(Stored dataset items)
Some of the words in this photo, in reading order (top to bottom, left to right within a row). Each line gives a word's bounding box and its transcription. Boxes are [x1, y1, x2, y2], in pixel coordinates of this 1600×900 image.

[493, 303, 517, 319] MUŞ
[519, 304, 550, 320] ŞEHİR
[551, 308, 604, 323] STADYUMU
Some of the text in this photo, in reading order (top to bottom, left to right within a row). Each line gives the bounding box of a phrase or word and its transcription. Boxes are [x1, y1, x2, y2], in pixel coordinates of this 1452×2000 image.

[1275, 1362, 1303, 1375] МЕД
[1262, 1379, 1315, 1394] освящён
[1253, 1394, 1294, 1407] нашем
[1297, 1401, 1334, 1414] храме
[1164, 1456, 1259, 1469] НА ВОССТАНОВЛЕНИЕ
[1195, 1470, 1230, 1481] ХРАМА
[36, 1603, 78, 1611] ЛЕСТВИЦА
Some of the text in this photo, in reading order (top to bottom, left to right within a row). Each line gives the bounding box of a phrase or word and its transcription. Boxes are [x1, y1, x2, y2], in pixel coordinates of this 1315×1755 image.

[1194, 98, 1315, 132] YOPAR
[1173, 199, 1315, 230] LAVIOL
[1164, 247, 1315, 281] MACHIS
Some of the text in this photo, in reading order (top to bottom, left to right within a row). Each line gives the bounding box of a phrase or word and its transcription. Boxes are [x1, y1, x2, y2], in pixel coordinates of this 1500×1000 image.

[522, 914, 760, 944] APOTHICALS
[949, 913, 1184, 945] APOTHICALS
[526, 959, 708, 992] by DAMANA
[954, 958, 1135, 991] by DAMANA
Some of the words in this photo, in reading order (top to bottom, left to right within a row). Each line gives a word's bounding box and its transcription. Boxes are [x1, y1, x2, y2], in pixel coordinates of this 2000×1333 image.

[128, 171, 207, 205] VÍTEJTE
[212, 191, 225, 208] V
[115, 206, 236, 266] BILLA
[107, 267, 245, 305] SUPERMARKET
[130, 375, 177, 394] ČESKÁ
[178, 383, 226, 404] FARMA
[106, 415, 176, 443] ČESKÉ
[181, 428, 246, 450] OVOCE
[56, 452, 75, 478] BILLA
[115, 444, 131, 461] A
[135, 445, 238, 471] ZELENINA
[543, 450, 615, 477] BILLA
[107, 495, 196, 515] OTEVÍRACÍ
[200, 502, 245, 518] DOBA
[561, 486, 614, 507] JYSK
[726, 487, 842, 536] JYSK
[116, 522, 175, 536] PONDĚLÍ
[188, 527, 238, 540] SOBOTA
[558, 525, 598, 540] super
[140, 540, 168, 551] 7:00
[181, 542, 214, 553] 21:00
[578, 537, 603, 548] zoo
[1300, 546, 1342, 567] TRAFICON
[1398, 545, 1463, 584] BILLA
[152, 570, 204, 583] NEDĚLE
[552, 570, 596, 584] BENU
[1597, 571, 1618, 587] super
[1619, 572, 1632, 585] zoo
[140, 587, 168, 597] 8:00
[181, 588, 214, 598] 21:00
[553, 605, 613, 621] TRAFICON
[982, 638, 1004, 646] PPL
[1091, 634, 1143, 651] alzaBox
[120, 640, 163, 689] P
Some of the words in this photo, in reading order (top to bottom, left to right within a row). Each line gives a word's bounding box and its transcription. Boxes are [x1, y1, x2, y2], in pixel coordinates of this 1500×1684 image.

__Brief__:
Output all of the records above unchanged.

__Solution__:
Some of the words in this photo, in reading order (top to bottom, left to right within a row). Each line gives a word's bounding box and its transcription. Boxes are [x1, y1, x2, y2], in pixel coordinates of this 1600×900 image.

[493, 303, 517, 319] MUŞ
[519, 304, 550, 320] ŞEHİR
[551, 308, 604, 323] STADYUMU
Some of the text in this photo, in reading order (top to bottom, left to right within a row). Each line gives the bounding box of a phrase or word and its transcription. Boxes are [x1, y1, x2, y2], in pixel coordinates of this 1452×2000 image.

[1275, 1362, 1303, 1375] МЕД
[1262, 1379, 1315, 1394] освящён
[1253, 1394, 1294, 1407] нашем
[1297, 1401, 1334, 1414] храме
[1164, 1456, 1259, 1469] НА ВОССТАНОВЛЕНИЕ
[1195, 1470, 1230, 1481] ХРАМА
[36, 1603, 78, 1611] ЛЕСТВИЦА
Some of the text in this photo, in reading order (top to bottom, left to right within a row). Each line gives the bounding box of a phrase or word and its transcription. Boxes are [x1, y1, x2, y2], in pixel coordinates of this 1315×1755 image.

[1194, 98, 1315, 132] YOPAR
[1173, 199, 1315, 230] LAVIOL
[1164, 247, 1315, 281] MACHIS
Some of the text in this photo, in reading order (top to bottom, left to right within a row). Each line gives the bounding box of a phrase or word and its transcription. Boxes are [x1, y1, x2, y2], in pixel coordinates of this 1500×1000 image.

[522, 914, 760, 944] APOTHICALS
[949, 913, 1184, 945] APOTHICALS
[526, 959, 708, 992] by DAMANA
[954, 958, 1135, 991] by DAMANA
Some of the words in this photo, in reading order (top to bottom, left to right within a row). Each line gives a word's bounding box and its transcription. Boxes are [x1, y1, x2, y2], in pixel coordinates of this 2000×1333 image.

[128, 171, 207, 205] VÍTEJTE
[212, 191, 225, 208] V
[115, 206, 236, 266] BILLA
[107, 267, 245, 305] SUPERMARKET
[130, 375, 177, 394] ČESKÁ
[178, 383, 226, 404] FARMA
[106, 415, 176, 443] ČESKÉ
[181, 428, 246, 450] OVOCE
[56, 452, 75, 478] BILLA
[115, 444, 131, 461] A
[135, 445, 238, 471] ZELENINA
[543, 450, 615, 477] BILLA
[107, 495, 196, 515] OTEVÍRACÍ
[200, 502, 245, 518] DOBA
[561, 486, 614, 507] JYSK
[726, 487, 842, 536] JYSK
[116, 522, 175, 536] PONDĚLÍ
[188, 527, 238, 540] SOBOTA
[558, 525, 598, 540] super
[140, 540, 168, 551] 7:00
[181, 542, 214, 553] 21:00
[578, 537, 603, 548] zoo
[1300, 546, 1342, 567] TRAFICON
[1398, 545, 1463, 584] BILLA
[152, 570, 204, 583] NEDĚLE
[552, 570, 596, 584] BENU
[1597, 571, 1618, 587] super
[1619, 572, 1632, 585] zoo
[140, 587, 168, 597] 8:00
[181, 588, 214, 598] 21:00
[553, 605, 613, 621] TRAFICON
[982, 638, 1004, 646] PPL
[1091, 634, 1143, 651] alzaBox
[120, 640, 163, 689] P
Some of the words in this photo, in reading order (top to bottom, left to right within a row). Each line gives a word's bounding box and its transcription. Boxes are [x1, y1, x2, y2], in pixel coordinates of this 1500×1684 image.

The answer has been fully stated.